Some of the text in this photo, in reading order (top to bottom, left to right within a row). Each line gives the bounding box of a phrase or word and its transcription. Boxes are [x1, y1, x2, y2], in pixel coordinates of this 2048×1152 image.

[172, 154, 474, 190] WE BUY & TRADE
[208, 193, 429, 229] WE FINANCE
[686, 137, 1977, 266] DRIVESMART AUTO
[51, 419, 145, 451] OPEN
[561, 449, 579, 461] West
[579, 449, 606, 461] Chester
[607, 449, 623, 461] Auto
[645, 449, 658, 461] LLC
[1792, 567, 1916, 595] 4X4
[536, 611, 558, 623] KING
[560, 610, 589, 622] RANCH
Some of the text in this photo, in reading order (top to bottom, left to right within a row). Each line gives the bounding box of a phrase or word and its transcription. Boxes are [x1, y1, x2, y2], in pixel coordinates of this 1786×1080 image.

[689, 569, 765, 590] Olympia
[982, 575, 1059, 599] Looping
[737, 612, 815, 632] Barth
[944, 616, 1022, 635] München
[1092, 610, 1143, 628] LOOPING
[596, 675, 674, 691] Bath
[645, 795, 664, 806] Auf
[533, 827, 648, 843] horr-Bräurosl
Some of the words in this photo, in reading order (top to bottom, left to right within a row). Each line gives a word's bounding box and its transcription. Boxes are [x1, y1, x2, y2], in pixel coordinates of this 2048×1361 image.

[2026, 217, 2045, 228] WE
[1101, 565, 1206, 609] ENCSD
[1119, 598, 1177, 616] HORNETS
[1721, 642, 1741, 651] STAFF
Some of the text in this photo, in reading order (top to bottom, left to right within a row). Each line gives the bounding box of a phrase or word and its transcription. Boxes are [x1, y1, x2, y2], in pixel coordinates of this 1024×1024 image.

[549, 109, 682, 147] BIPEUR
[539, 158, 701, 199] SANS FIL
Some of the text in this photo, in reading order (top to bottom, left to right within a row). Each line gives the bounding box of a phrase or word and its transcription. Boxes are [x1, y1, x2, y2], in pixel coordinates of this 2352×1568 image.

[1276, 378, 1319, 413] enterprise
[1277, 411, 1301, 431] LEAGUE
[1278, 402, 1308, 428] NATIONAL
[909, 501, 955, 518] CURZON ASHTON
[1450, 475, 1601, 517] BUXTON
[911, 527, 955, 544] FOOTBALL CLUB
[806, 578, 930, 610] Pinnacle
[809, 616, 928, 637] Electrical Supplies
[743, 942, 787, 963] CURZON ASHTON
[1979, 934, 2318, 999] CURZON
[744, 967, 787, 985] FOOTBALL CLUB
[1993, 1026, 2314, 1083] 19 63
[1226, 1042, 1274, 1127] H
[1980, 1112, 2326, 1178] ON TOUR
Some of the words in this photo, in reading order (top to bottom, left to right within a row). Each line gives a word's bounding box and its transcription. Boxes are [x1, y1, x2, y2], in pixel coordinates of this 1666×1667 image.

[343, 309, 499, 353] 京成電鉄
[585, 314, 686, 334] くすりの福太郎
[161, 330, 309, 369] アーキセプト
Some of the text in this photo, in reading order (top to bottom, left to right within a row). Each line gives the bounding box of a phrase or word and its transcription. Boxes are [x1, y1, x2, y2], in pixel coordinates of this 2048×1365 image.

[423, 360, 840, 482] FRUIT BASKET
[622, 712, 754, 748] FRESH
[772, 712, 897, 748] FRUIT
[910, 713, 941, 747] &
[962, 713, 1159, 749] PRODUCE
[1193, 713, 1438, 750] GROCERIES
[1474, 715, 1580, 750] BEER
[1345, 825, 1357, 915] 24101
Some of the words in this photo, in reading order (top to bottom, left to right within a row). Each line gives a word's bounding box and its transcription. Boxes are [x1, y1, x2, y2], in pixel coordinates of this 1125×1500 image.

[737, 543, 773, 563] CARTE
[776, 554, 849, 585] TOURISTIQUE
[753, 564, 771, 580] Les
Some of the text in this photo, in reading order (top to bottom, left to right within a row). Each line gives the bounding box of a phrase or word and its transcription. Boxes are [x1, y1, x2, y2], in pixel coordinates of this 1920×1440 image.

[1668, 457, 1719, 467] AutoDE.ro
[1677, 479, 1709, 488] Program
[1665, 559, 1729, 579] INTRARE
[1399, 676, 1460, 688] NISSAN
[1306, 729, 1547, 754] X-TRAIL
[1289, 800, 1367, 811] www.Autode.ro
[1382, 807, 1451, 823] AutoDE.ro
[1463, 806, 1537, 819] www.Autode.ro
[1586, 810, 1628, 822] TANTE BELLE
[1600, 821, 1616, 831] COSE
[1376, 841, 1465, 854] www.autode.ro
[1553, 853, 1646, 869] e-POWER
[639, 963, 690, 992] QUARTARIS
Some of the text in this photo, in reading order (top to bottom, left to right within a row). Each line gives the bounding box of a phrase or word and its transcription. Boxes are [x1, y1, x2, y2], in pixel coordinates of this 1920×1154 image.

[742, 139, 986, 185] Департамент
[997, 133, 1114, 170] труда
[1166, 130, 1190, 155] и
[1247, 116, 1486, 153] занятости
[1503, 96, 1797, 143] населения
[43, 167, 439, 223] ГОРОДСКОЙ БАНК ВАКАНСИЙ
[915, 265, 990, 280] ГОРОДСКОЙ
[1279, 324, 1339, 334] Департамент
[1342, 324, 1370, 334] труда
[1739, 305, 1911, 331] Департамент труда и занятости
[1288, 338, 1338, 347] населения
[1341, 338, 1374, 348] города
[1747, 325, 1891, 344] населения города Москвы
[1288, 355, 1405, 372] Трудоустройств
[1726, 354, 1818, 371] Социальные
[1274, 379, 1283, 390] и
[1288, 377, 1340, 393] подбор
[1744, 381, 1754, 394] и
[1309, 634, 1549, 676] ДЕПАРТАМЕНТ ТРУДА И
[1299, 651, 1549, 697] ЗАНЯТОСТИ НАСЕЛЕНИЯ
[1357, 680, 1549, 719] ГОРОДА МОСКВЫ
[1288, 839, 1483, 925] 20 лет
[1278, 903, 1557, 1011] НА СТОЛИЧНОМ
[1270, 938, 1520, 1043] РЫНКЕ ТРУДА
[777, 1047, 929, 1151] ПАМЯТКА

..........

[Your objective]
Restating every entry above word for word is the whole task.

[Response to this exercise]
Some of the text in this photo, in reading order (top to bottom, left to right within a row). Each line gives the bounding box of a phrase or word and its transcription. Boxes are [x1, y1, x2, y2], in pixel coordinates of this 2048×1152 image.

[172, 154, 474, 190] WE BUY & TRADE
[208, 193, 429, 229] WE FINANCE
[686, 137, 1977, 266] DRIVESMART AUTO
[51, 419, 145, 451] OPEN
[561, 449, 579, 461] West
[579, 449, 606, 461] Chester
[607, 449, 623, 461] Auto
[645, 449, 658, 461] LLC
[1792, 567, 1916, 595] 4X4
[536, 611, 558, 623] KING
[560, 610, 589, 622] RANCH
Some of the text in this photo, in reading order (top to bottom, left to right within a row). Each line gives the bounding box of a phrase or word and its transcription. Boxes are [x1, y1, x2, y2], in pixel coordinates of this 1786×1080 image.

[689, 569, 765, 590] Olympia
[982, 575, 1059, 599] Looping
[737, 612, 815, 632] Barth
[944, 616, 1022, 635] München
[1092, 610, 1143, 628] LOOPING
[596, 675, 674, 691] Bath
[645, 795, 664, 806] Auf
[533, 827, 648, 843] horr-Bräurosl
Some of the words in this photo, in reading order (top to bottom, left to right within a row). Each line gives a word's bounding box and its transcription. Boxes are [x1, y1, x2, y2], in pixel coordinates of this 2048×1361 image.

[2026, 217, 2045, 228] WE
[1101, 565, 1206, 609] ENCSD
[1119, 598, 1177, 616] HORNETS
[1721, 642, 1741, 651] STAFF
Some of the text in this photo, in reading order (top to bottom, left to right within a row). Each line gives the bounding box of a phrase or word and its transcription. Boxes are [x1, y1, x2, y2], in pixel coordinates of this 1024×1024 image.

[549, 109, 682, 147] BIPEUR
[539, 158, 701, 199] SANS FIL
Some of the text in this photo, in reading order (top to bottom, left to right within a row). Each line gives the bounding box of a phrase or word and its transcription. Boxes are [x1, y1, x2, y2], in pixel coordinates of this 2352×1568 image.

[1276, 378, 1319, 413] enterprise
[1277, 411, 1301, 431] LEAGUE
[1278, 402, 1308, 428] NATIONAL
[909, 501, 955, 518] CURZON ASHTON
[1450, 475, 1601, 517] BUXTON
[911, 527, 955, 544] FOOTBALL CLUB
[806, 578, 930, 610] Pinnacle
[809, 616, 928, 637] Electrical Supplies
[743, 942, 787, 963] CURZON ASHTON
[1979, 934, 2318, 999] CURZON
[744, 967, 787, 985] FOOTBALL CLUB
[1993, 1026, 2314, 1083] 19 63
[1226, 1042, 1274, 1127] H
[1980, 1112, 2326, 1178] ON TOUR
Some of the words in this photo, in reading order (top to bottom, left to right within a row). Each line gives a word's bounding box and its transcription. Boxes are [x1, y1, x2, y2], in pixel coordinates of this 1666×1667 image.

[343, 309, 499, 353] 京成電鉄
[585, 314, 686, 334] くすりの福太郎
[161, 330, 309, 369] アーキセプト
Some of the text in this photo, in reading order (top to bottom, left to right within a row). Each line gives the bounding box of a phrase or word and its transcription. Boxes are [x1, y1, x2, y2], in pixel coordinates of this 2048×1365 image.

[423, 360, 840, 482] FRUIT BASKET
[622, 712, 754, 748] FRESH
[772, 712, 897, 748] FRUIT
[910, 713, 941, 747] &
[962, 713, 1159, 749] PRODUCE
[1193, 713, 1438, 750] GROCERIES
[1474, 715, 1580, 750] BEER
[1345, 825, 1357, 915] 24101
Some of the words in this photo, in reading order (top to bottom, left to right within a row). Each line gives a word's bounding box and its transcription. Boxes are [x1, y1, x2, y2], in pixel coordinates of this 1125×1500 image.

[737, 543, 773, 563] CARTE
[776, 554, 849, 585] TOURISTIQUE
[753, 564, 771, 580] Les
Some of the text in this photo, in reading order (top to bottom, left to right within a row). Each line gives the bounding box of a phrase or word and its transcription. Boxes are [x1, y1, x2, y2], in pixel coordinates of this 1920×1440 image.

[1668, 457, 1719, 467] AutoDE.ro
[1677, 479, 1709, 488] Program
[1665, 559, 1729, 579] INTRARE
[1399, 676, 1460, 688] NISSAN
[1306, 729, 1547, 754] X-TRAIL
[1289, 800, 1367, 811] www.Autode.ro
[1382, 807, 1451, 823] AutoDE.ro
[1463, 806, 1537, 819] www.Autode.ro
[1586, 810, 1628, 822] TANTE BELLE
[1600, 821, 1616, 831] COSE
[1376, 841, 1465, 854] www.autode.ro
[1553, 853, 1646, 869] e-POWER
[639, 963, 690, 992] QUARTARIS
Some of the text in this photo, in reading order (top to bottom, left to right within a row). Each line gives the bounding box of a phrase or word and its transcription. Boxes are [x1, y1, x2, y2], in pixel coordinates of this 1920×1154 image.

[742, 139, 986, 185] Департамент
[997, 133, 1114, 170] труда
[1166, 130, 1190, 155] и
[1247, 116, 1486, 153] занятости
[1503, 96, 1797, 143] населения
[43, 167, 439, 223] ГОРОДСКОЙ БАНК ВАКАНСИЙ
[915, 265, 990, 280] ГОРОДСКОЙ
[1279, 324, 1339, 334] Департамент
[1342, 324, 1370, 334] труда
[1739, 305, 1911, 331] Департамент труда и занятости
[1288, 338, 1338, 347] населения
[1341, 338, 1374, 348] города
[1747, 325, 1891, 344] населения города Москвы
[1288, 355, 1405, 372] Трудоустройств
[1726, 354, 1818, 371] Социальные
[1274, 379, 1283, 390] и
[1288, 377, 1340, 393] подбор
[1744, 381, 1754, 394] и
[1309, 634, 1549, 676] ДЕПАРТАМЕНТ ТРУДА И
[1299, 651, 1549, 697] ЗАНЯТОСТИ НАСЕЛЕНИЯ
[1357, 680, 1549, 719] ГОРОДА МОСКВЫ
[1288, 839, 1483, 925] 20 лет
[1278, 903, 1557, 1011] НА СТОЛИЧНОМ
[1270, 938, 1520, 1043] РЫНКЕ ТРУДА
[777, 1047, 929, 1151] ПАМЯТКА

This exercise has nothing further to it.